By the end of this week’s reading, the sibling rivalry and the wife rivalry merge into one: Leah and Rachel are rival sisters and rival wives. In Genesis 37, two weeks from now as the Torah reader chants, the sister-wife rivalry between Leah and Rachel that was set up in the wedding-night substitution will be passed down from them to the next generation, leaving their sons as rivals too.

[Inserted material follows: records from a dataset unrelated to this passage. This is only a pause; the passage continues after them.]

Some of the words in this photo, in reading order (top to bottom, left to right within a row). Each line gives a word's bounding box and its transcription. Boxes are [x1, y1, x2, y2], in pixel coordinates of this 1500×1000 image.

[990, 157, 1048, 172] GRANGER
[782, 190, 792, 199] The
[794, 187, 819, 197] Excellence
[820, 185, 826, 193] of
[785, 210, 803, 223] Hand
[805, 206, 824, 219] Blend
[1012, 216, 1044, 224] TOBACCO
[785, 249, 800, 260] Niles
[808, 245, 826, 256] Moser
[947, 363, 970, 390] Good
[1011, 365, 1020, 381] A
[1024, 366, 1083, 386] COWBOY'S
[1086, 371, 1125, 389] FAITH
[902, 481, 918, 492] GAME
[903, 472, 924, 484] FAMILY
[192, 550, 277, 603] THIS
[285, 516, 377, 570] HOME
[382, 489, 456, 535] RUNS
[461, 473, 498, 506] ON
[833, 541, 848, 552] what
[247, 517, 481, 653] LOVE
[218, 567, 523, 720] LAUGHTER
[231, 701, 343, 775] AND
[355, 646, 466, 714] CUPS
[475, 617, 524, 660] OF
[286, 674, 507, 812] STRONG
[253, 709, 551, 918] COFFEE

That's the rivalry that ultimately is going to lead to the fulfillment of what God told Abraham in Genesis 15, that his descendants were going to be slaves “in a land not theirs.” That’s a strange promise when you stop to think of it – a promise most of the book of Genesis, once the Primeval History of Genesis 1-11 is out of the way, is dedicated to explaining.
As I have written elsewhere, one way we know there must have been Israelites who escaped from slavery in Egypt is that Genesis tries so hard to explain how they were enslaved in the first place (and Exodus gives yet another explanation). This part of Genesis – telling the story of how Abraham’s son, grandsons, and great-grandsons unwittingly fulfilled God’s plan – is a brilliant historical novel that serves a profound theological purpose.